How to complete this task ▸ Omit all pictures, then print the entries exactly.

Recorded information ▸
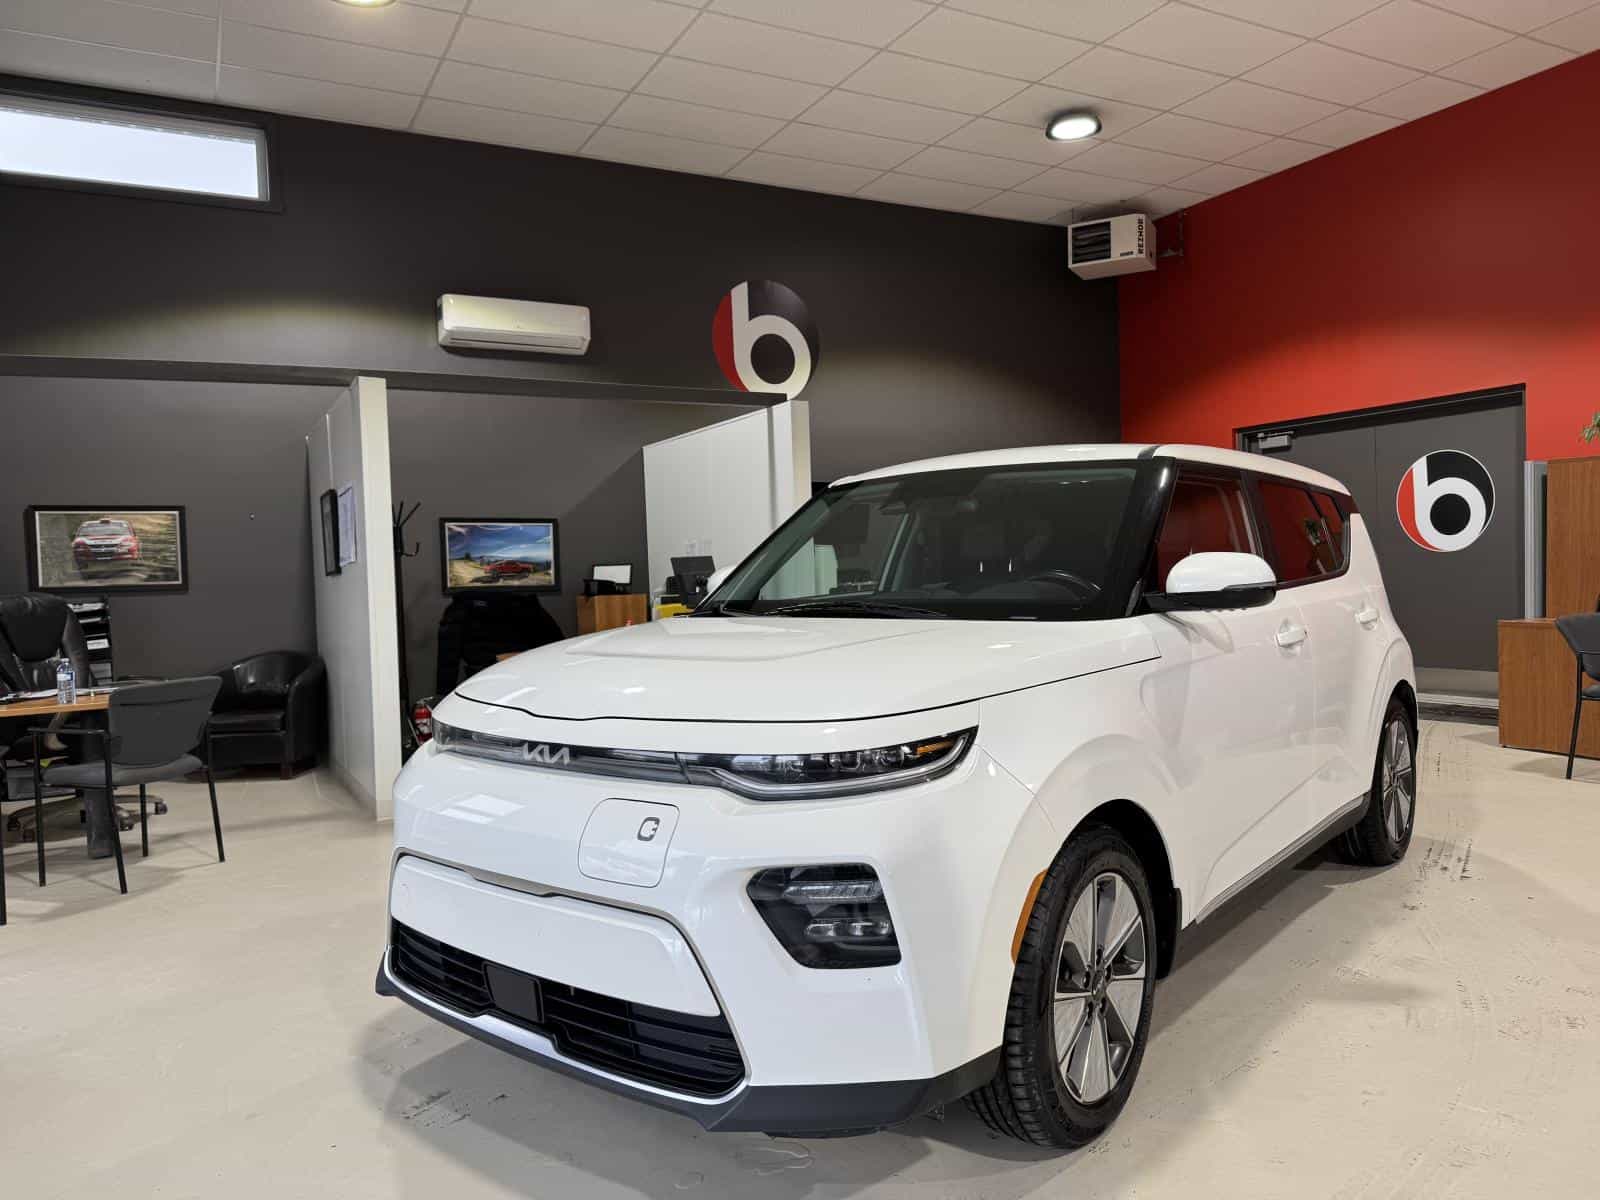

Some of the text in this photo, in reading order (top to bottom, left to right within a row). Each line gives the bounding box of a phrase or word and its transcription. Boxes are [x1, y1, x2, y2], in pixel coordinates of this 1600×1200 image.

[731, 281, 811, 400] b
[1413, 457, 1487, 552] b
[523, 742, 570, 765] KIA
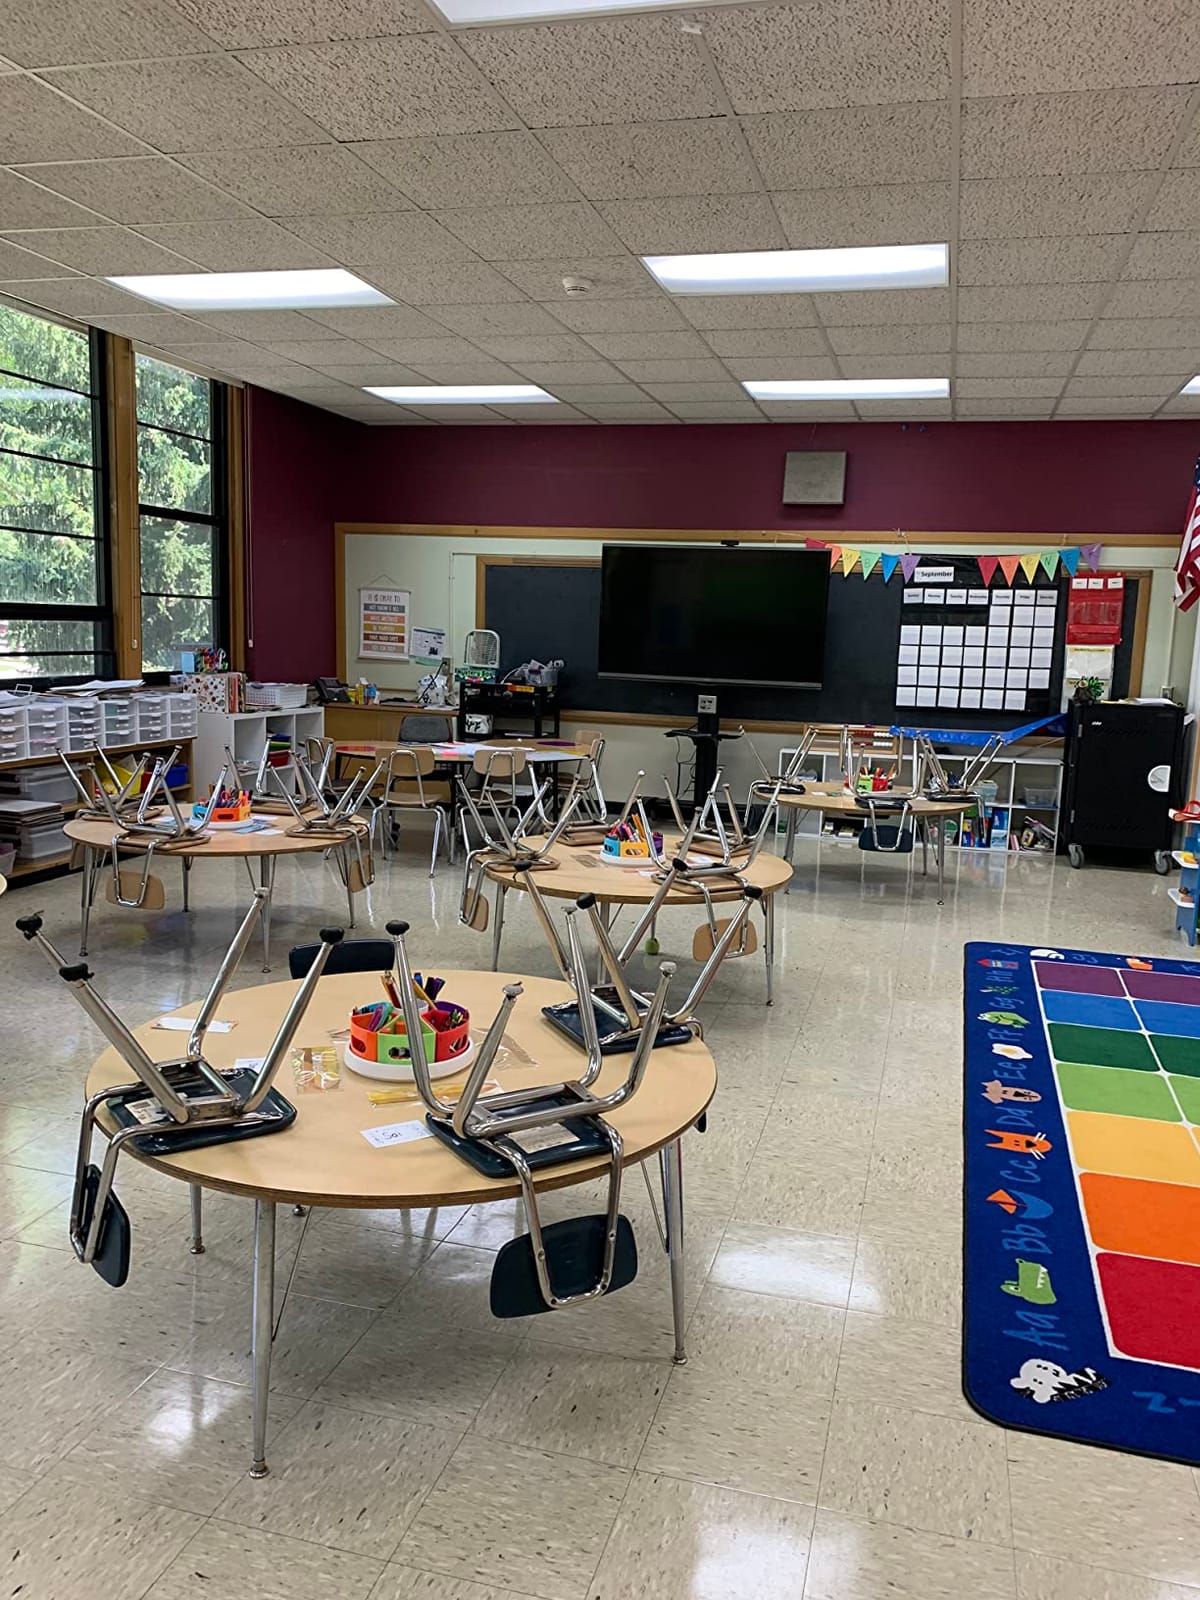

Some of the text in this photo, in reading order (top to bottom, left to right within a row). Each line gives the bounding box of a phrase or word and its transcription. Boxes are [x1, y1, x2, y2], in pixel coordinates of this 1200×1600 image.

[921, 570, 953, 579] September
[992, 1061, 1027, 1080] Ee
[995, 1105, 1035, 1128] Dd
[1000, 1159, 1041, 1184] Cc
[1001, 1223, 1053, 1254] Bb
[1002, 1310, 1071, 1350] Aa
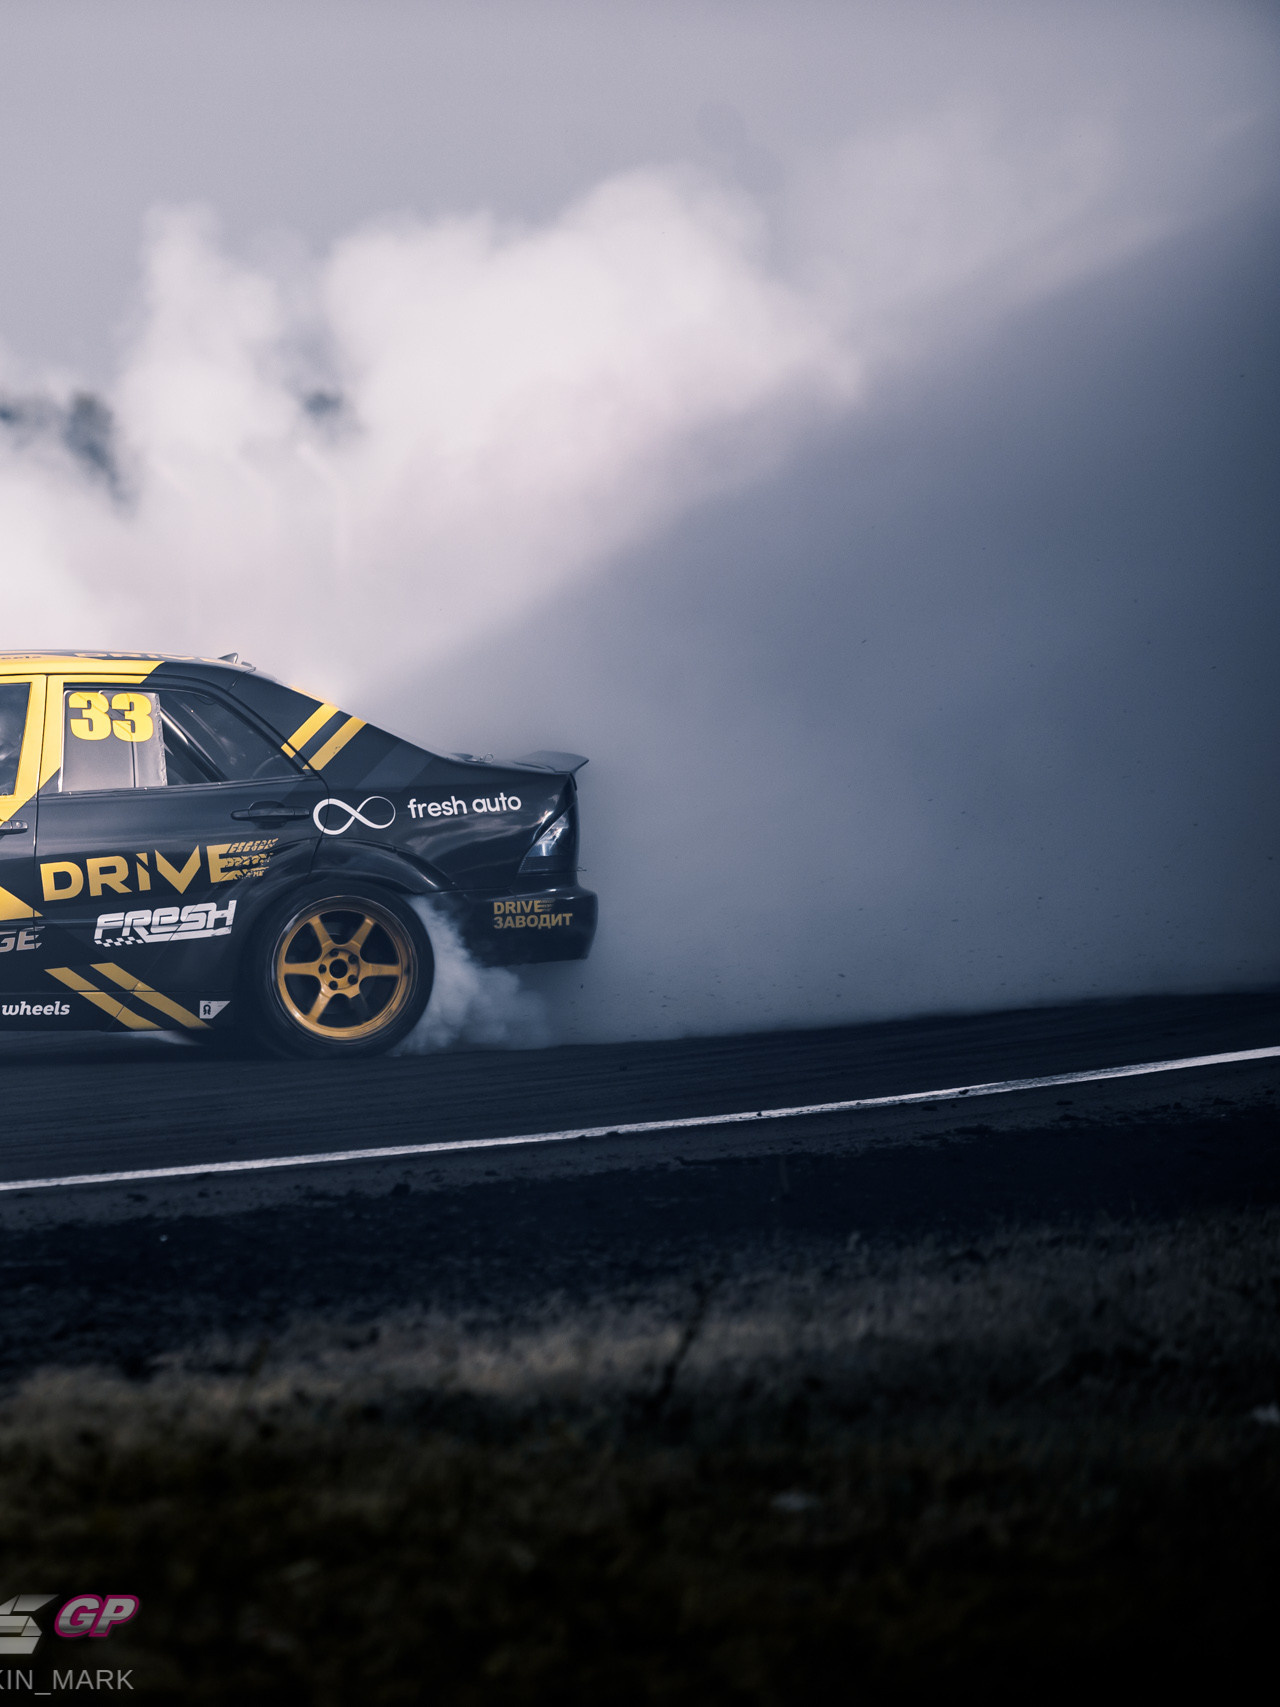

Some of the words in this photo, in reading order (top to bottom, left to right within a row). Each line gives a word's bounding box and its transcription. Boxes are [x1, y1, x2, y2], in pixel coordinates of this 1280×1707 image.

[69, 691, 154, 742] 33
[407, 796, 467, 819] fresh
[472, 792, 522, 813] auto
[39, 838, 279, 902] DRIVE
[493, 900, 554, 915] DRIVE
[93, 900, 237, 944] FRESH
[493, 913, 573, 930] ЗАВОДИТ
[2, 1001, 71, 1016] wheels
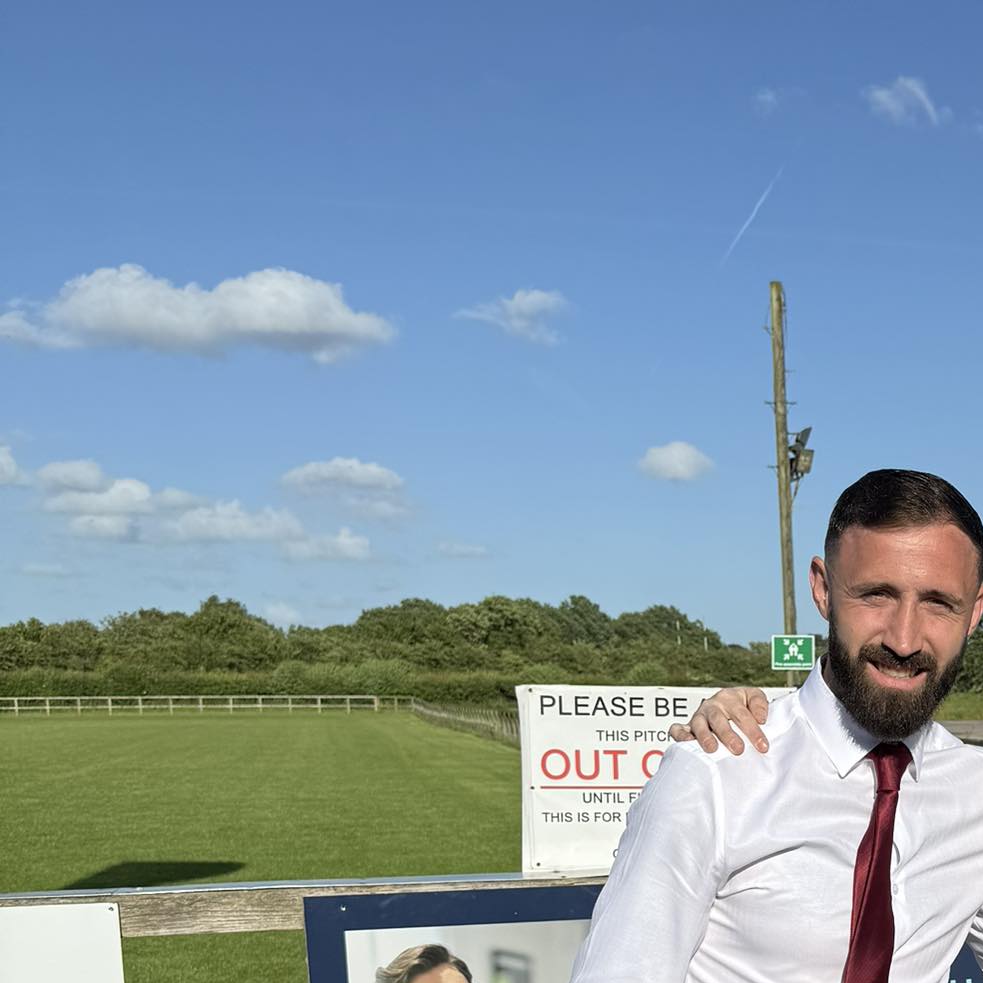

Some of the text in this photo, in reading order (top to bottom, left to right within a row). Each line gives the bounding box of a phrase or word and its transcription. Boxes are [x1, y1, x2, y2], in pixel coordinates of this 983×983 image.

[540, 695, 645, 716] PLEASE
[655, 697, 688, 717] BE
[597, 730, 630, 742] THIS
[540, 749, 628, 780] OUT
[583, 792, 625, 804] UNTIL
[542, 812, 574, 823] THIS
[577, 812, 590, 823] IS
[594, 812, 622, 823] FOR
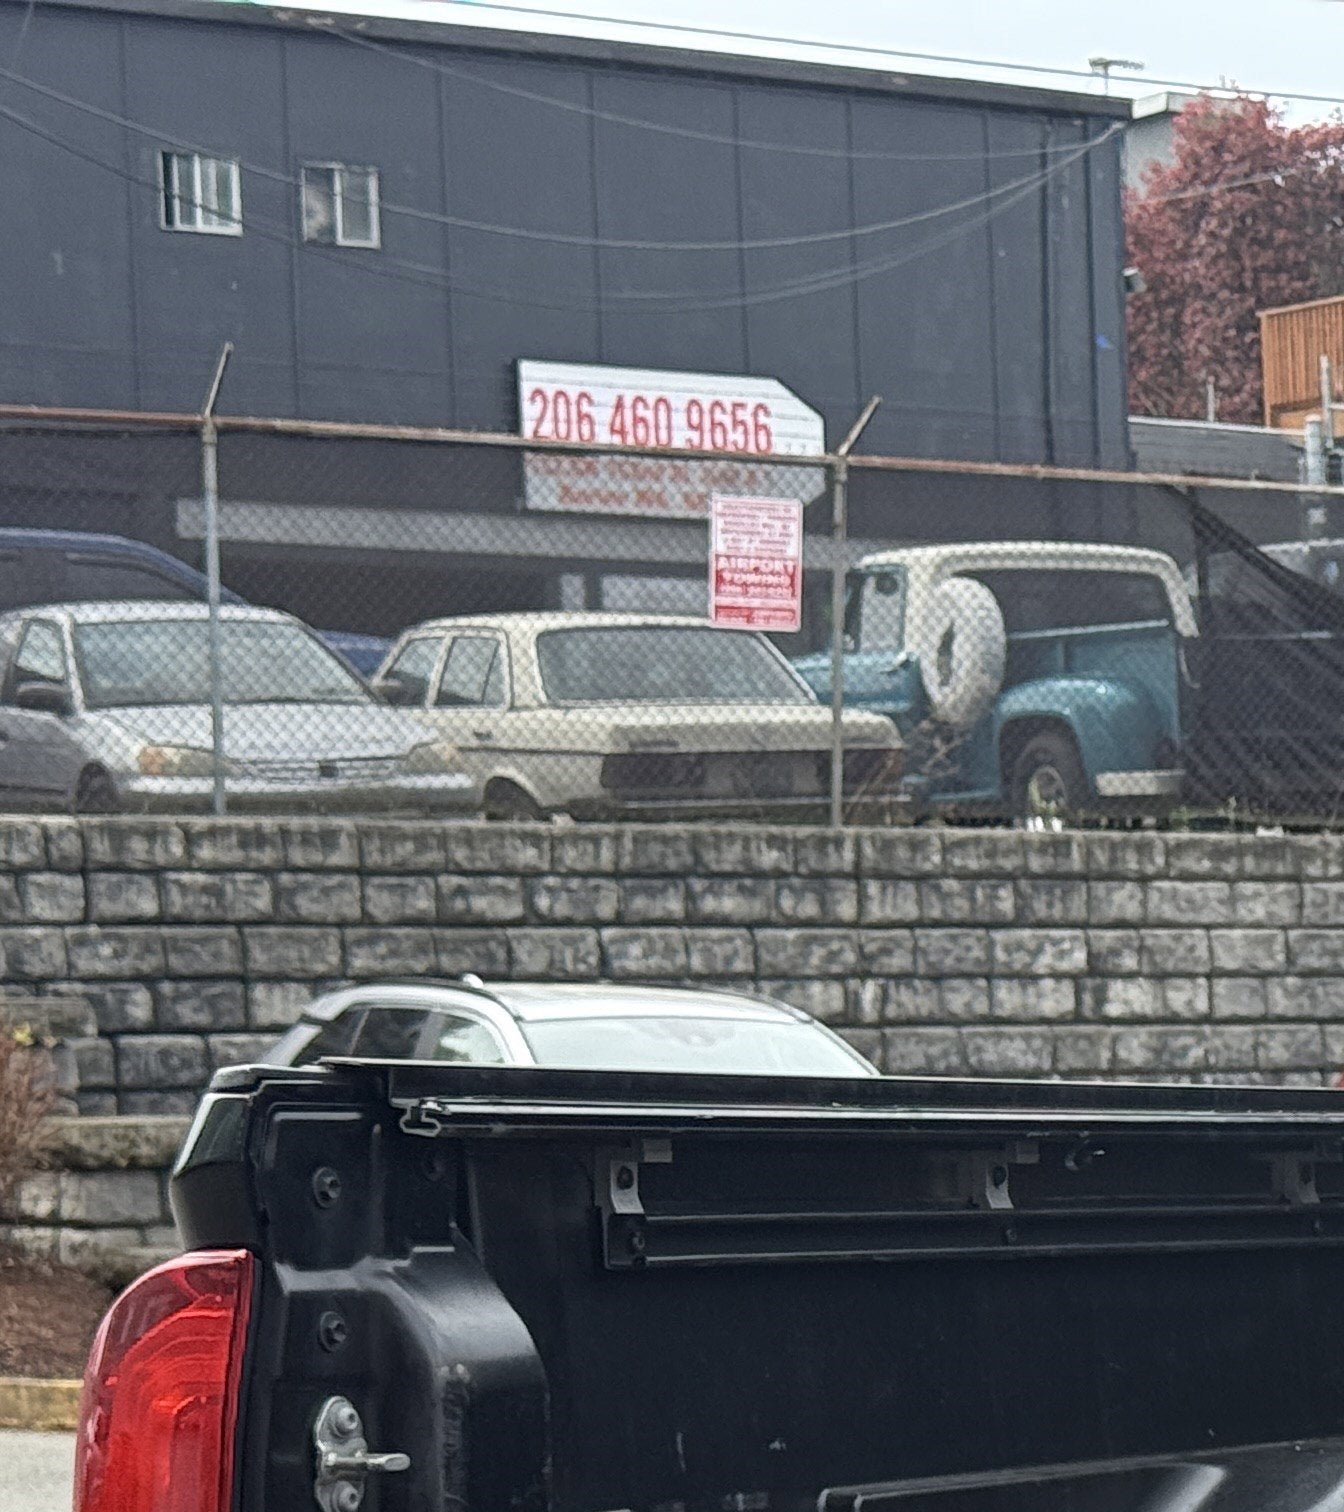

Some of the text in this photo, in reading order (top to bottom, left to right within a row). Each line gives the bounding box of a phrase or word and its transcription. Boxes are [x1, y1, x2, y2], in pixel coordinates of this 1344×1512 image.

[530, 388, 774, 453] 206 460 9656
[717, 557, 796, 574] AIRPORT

Task result ▸
Some of the text in this photo, in reading order (top to bottom, left to right within a row). Each line gives the bounding box of a phrase or word and its transcription. Boxes are [x1, y1, x2, y2], in pixel coordinates of this 1600×1200 image.

[731, 281, 811, 400] b
[1413, 457, 1487, 552] b
[523, 742, 570, 765] KIA

Some of the text in this photo, in reading order (top to bottom, left to right within a row). Each line gives the bounding box of a phrase or word and its transcription. Boxes are [x1, y1, x2, y2], in pixel coordinates of this 1200×1600 image.

[921, 570, 953, 579] September
[992, 1061, 1027, 1080] Ee
[995, 1105, 1035, 1128] Dd
[1000, 1159, 1041, 1184] Cc
[1001, 1223, 1053, 1254] Bb
[1002, 1310, 1071, 1350] Aa

Some of the words in this photo, in reading order (top to bottom, left to right within a row). Each line gives a word's bounding box and its transcription. Boxes are [x1, y1, x2, y2], in pixel coordinates of this 1280×1707 image.

[69, 691, 154, 742] 33
[407, 796, 467, 819] fresh
[472, 792, 522, 813] auto
[39, 838, 279, 902] DRIVE
[493, 900, 554, 915] DRIVE
[93, 900, 237, 944] FRESH
[493, 913, 573, 930] ЗАВОДИТ
[2, 1001, 71, 1016] wheels

Some of the text in this photo, in reading order (top to bottom, left to right within a row). Each line gives the bounding box of a phrase or word and its transcription. Boxes are [x1, y1, x2, y2], in pixel coordinates of this 983×983 image.

[540, 695, 645, 716] PLEASE
[655, 697, 688, 717] BE
[597, 730, 630, 742] THIS
[540, 749, 628, 780] OUT
[583, 792, 625, 804] UNTIL
[542, 812, 574, 823] THIS
[577, 812, 590, 823] IS
[594, 812, 622, 823] FOR

Some of the text in this photo, in reading order (top to bottom, left to right within a row). Each line gives the bounding box of a phrase or word and its transcription. Boxes are [x1, y1, x2, y2], in pixel coordinates of this 1344×1512 image.

[530, 388, 774, 453] 206 460 9656
[717, 557, 796, 574] AIRPORT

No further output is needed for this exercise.